**PROBLEM REQUIREMENTS:**
Every entry is to be set down a second time, precisely as written.

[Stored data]
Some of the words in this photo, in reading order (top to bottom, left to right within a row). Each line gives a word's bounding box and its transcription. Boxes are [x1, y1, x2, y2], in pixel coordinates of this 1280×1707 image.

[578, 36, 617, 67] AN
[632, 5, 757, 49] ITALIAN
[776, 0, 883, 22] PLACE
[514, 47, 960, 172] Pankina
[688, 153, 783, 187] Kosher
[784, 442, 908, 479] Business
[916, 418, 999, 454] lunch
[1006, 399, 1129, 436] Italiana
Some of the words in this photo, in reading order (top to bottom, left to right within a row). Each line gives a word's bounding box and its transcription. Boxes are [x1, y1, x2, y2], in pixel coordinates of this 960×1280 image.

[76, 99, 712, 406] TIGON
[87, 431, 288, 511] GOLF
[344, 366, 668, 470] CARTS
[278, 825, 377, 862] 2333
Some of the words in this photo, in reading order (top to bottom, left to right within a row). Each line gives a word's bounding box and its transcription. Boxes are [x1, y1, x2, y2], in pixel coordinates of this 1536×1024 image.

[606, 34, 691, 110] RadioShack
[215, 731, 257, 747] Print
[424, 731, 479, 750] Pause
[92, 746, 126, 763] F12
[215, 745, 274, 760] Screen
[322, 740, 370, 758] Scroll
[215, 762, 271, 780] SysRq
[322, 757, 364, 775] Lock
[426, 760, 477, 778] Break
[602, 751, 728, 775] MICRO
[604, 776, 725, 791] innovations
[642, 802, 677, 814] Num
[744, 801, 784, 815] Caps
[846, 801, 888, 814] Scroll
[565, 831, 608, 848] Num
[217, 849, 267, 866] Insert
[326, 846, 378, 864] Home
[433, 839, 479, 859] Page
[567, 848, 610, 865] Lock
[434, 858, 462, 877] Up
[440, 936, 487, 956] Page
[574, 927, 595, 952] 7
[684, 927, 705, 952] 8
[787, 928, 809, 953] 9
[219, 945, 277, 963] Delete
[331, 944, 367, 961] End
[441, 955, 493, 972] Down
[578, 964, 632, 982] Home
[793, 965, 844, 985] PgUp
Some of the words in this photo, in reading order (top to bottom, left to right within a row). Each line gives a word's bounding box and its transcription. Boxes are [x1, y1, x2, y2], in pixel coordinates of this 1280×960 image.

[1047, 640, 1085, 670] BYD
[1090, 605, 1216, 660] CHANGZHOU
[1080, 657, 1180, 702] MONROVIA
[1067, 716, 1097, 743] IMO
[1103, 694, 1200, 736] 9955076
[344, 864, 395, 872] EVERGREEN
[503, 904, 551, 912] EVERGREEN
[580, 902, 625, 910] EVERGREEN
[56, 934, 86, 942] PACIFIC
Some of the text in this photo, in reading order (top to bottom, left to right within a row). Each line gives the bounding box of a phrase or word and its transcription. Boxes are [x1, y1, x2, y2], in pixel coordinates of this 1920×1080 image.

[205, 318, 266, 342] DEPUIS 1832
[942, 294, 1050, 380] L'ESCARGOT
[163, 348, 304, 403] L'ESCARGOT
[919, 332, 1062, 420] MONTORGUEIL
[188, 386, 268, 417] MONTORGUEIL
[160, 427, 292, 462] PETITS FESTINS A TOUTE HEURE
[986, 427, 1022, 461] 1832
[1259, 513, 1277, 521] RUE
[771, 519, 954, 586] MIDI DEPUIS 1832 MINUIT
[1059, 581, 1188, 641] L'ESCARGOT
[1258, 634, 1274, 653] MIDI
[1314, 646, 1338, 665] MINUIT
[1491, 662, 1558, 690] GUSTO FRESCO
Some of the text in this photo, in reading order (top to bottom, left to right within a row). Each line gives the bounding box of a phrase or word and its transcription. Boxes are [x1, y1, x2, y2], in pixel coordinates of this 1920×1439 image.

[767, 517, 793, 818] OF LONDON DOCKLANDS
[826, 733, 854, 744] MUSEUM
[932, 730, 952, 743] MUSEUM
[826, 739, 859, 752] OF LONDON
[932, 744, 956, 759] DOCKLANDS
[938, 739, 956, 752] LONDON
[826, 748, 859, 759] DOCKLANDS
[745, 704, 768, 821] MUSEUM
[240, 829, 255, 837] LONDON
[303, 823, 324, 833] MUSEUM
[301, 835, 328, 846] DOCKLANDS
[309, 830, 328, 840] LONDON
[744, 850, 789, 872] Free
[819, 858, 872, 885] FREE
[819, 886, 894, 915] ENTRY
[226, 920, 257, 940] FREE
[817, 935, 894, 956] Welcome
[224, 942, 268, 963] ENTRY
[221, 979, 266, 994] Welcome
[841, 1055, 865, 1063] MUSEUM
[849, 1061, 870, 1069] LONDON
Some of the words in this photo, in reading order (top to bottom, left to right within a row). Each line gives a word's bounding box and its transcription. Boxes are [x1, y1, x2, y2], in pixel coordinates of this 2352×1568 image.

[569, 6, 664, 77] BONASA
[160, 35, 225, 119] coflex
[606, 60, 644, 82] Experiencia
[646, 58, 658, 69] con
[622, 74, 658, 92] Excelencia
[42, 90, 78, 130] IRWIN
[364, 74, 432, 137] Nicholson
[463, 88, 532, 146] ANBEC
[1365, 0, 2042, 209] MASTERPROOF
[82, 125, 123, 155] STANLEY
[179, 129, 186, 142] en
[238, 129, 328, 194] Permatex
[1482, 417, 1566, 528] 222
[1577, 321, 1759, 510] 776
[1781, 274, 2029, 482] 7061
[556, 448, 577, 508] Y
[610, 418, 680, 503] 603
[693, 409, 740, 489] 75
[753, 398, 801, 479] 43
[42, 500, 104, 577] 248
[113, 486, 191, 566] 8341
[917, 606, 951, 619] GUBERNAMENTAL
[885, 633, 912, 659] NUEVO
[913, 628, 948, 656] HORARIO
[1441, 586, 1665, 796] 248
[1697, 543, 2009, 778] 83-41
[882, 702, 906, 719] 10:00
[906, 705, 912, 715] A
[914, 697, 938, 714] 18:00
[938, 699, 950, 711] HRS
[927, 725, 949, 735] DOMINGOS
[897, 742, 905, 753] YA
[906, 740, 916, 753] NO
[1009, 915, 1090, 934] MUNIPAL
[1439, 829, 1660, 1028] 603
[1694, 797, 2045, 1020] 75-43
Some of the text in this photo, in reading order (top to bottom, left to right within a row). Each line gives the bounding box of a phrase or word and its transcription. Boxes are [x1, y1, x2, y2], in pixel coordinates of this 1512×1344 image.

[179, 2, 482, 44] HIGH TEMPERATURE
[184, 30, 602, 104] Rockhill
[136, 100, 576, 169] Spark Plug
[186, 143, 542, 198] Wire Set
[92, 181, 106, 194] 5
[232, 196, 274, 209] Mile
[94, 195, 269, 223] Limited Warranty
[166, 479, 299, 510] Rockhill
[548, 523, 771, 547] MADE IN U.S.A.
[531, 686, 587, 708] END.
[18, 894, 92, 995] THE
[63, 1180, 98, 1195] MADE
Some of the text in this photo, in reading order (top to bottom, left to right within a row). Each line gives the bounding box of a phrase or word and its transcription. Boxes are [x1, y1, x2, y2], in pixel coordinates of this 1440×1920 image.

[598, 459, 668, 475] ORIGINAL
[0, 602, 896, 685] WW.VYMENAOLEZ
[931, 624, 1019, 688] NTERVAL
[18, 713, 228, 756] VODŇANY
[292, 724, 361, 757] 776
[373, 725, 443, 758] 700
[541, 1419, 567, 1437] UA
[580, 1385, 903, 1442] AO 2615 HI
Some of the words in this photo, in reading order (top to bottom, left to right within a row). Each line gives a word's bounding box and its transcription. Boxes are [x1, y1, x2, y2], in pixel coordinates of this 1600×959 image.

**FINAL ANSWER:**
Some of the words in this photo, in reading order (top to bottom, left to right within a row). Each line gives a word's bounding box and its transcription. Boxes are [x1, y1, x2, y2], in pixel coordinates of this 1280×1707 image.

[578, 36, 617, 67] AN
[632, 5, 757, 49] ITALIAN
[776, 0, 883, 22] PLACE
[514, 47, 960, 172] Pankina
[688, 153, 783, 187] Kosher
[784, 442, 908, 479] Business
[916, 418, 999, 454] lunch
[1006, 399, 1129, 436] Italiana
Some of the words in this photo, in reading order (top to bottom, left to right within a row). Each line gives a word's bounding box and its transcription. Boxes are [x1, y1, x2, y2], in pixel coordinates of this 960×1280 image.

[76, 99, 712, 406] TIGON
[87, 431, 288, 511] GOLF
[344, 366, 668, 470] CARTS
[278, 825, 377, 862] 2333
Some of the words in this photo, in reading order (top to bottom, left to right within a row). Each line gives a word's bounding box and its transcription. Boxes are [x1, y1, x2, y2], in pixel coordinates of this 1536×1024 image.

[606, 34, 691, 110] RadioShack
[215, 731, 257, 747] Print
[424, 731, 479, 750] Pause
[92, 746, 126, 763] F12
[215, 745, 274, 760] Screen
[322, 740, 370, 758] Scroll
[215, 762, 271, 780] SysRq
[322, 757, 364, 775] Lock
[426, 760, 477, 778] Break
[602, 751, 728, 775] MICRO
[604, 776, 725, 791] innovations
[642, 802, 677, 814] Num
[744, 801, 784, 815] Caps
[846, 801, 888, 814] Scroll
[565, 831, 608, 848] Num
[217, 849, 267, 866] Insert
[326, 846, 378, 864] Home
[433, 839, 479, 859] Page
[567, 848, 610, 865] Lock
[434, 858, 462, 877] Up
[440, 936, 487, 956] Page
[574, 927, 595, 952] 7
[684, 927, 705, 952] 8
[787, 928, 809, 953] 9
[219, 945, 277, 963] Delete
[331, 944, 367, 961] End
[441, 955, 493, 972] Down
[578, 964, 632, 982] Home
[793, 965, 844, 985] PgUp
Some of the words in this photo, in reading order (top to bottom, left to right within a row). Each line gives a word's bounding box and its transcription. Boxes are [x1, y1, x2, y2], in pixel coordinates of this 1280×960 image.

[1047, 640, 1085, 670] BYD
[1090, 605, 1216, 660] CHANGZHOU
[1080, 657, 1180, 702] MONROVIA
[1067, 716, 1097, 743] IMO
[1103, 694, 1200, 736] 9955076
[344, 864, 395, 872] EVERGREEN
[503, 904, 551, 912] EVERGREEN
[580, 902, 625, 910] EVERGREEN
[56, 934, 86, 942] PACIFIC
Some of the text in this photo, in reading order (top to bottom, left to right within a row). Each line gives the bounding box of a phrase or word and its transcription. Boxes are [x1, y1, x2, y2], in pixel coordinates of this 1920×1080 image.

[205, 318, 266, 342] DEPUIS 1832
[942, 294, 1050, 380] L'ESCARGOT
[163, 348, 304, 403] L'ESCARGOT
[919, 332, 1062, 420] MONTORGUEIL
[188, 386, 268, 417] MONTORGUEIL
[160, 427, 292, 462] PETITS FESTINS A TOUTE HEURE
[986, 427, 1022, 461] 1832
[1259, 513, 1277, 521] RUE
[771, 519, 954, 586] MIDI DEPUIS 1832 MINUIT
[1059, 581, 1188, 641] L'ESCARGOT
[1258, 634, 1274, 653] MIDI
[1314, 646, 1338, 665] MINUIT
[1491, 662, 1558, 690] GUSTO FRESCO
Some of the text in this photo, in reading order (top to bottom, left to right within a row). Each line gives the bounding box of a phrase or word and its transcription. Boxes are [x1, y1, x2, y2], in pixel coordinates of this 1920×1439 image.

[767, 517, 793, 818] OF LONDON DOCKLANDS
[826, 733, 854, 744] MUSEUM
[932, 730, 952, 743] MUSEUM
[826, 739, 859, 752] OF LONDON
[932, 744, 956, 759] DOCKLANDS
[938, 739, 956, 752] LONDON
[826, 748, 859, 759] DOCKLANDS
[745, 704, 768, 821] MUSEUM
[240, 829, 255, 837] LONDON
[303, 823, 324, 833] MUSEUM
[301, 835, 328, 846] DOCKLANDS
[309, 830, 328, 840] LONDON
[744, 850, 789, 872] Free
[819, 858, 872, 885] FREE
[819, 886, 894, 915] ENTRY
[226, 920, 257, 940] FREE
[817, 935, 894, 956] Welcome
[224, 942, 268, 963] ENTRY
[221, 979, 266, 994] Welcome
[841, 1055, 865, 1063] MUSEUM
[849, 1061, 870, 1069] LONDON
Some of the words in this photo, in reading order (top to bottom, left to right within a row). Each line gives a word's bounding box and its transcription. Boxes are [x1, y1, x2, y2], in pixel coordinates of this 2352×1568 image.

[569, 6, 664, 77] BONASA
[160, 35, 225, 119] coflex
[606, 60, 644, 82] Experiencia
[646, 58, 658, 69] con
[622, 74, 658, 92] Excelencia
[42, 90, 78, 130] IRWIN
[364, 74, 432, 137] Nicholson
[463, 88, 532, 146] ANBEC
[1365, 0, 2042, 209] MASTERPROOF
[82, 125, 123, 155] STANLEY
[179, 129, 186, 142] en
[238, 129, 328, 194] Permatex
[1482, 417, 1566, 528] 222
[1577, 321, 1759, 510] 776
[1781, 274, 2029, 482] 7061
[556, 448, 577, 508] Y
[610, 418, 680, 503] 603
[693, 409, 740, 489] 75
[753, 398, 801, 479] 43
[42, 500, 104, 577] 248
[113, 486, 191, 566] 8341
[917, 606, 951, 619] GUBERNAMENTAL
[885, 633, 912, 659] NUEVO
[913, 628, 948, 656] HORARIO
[1441, 586, 1665, 796] 248
[1697, 543, 2009, 778] 83-41
[882, 702, 906, 719] 10:00
[906, 705, 912, 715] A
[914, 697, 938, 714] 18:00
[938, 699, 950, 711] HRS
[927, 725, 949, 735] DOMINGOS
[897, 742, 905, 753] YA
[906, 740, 916, 753] NO
[1009, 915, 1090, 934] MUNIPAL
[1439, 829, 1660, 1028] 603
[1694, 797, 2045, 1020] 75-43
Some of the text in this photo, in reading order (top to bottom, left to right within a row). Each line gives the bounding box of a phrase or word and its transcription. Boxes are [x1, y1, x2, y2], in pixel coordinates of this 1512×1344 image.

[179, 2, 482, 44] HIGH TEMPERATURE
[184, 30, 602, 104] Rockhill
[136, 100, 576, 169] Spark Plug
[186, 143, 542, 198] Wire Set
[92, 181, 106, 194] 5
[232, 196, 274, 209] Mile
[94, 195, 269, 223] Limited Warranty
[166, 479, 299, 510] Rockhill
[548, 523, 771, 547] MADE IN U.S.A.
[531, 686, 587, 708] END.
[18, 894, 92, 995] THE
[63, 1180, 98, 1195] MADE
Some of the text in this photo, in reading order (top to bottom, left to right within a row). Each line gives the bounding box of a phrase or word and its transcription. Boxes are [x1, y1, x2, y2], in pixel coordinates of this 1440×1920 image.

[598, 459, 668, 475] ORIGINAL
[0, 602, 896, 685] WW.VYMENAOLEZ
[931, 624, 1019, 688] NTERVAL
[18, 713, 228, 756] VODŇANY
[292, 724, 361, 757] 776
[373, 725, 443, 758] 700
[541, 1419, 567, 1437] UA
[580, 1385, 903, 1442] AO 2615 HI
Some of the words in this photo, in reading order (top to bottom, left to right within a row). Each line gives a word's bounding box and its transcription. Boxes are [x1, y1, x2, y2], in pixel coordinates of this 1600×959 image.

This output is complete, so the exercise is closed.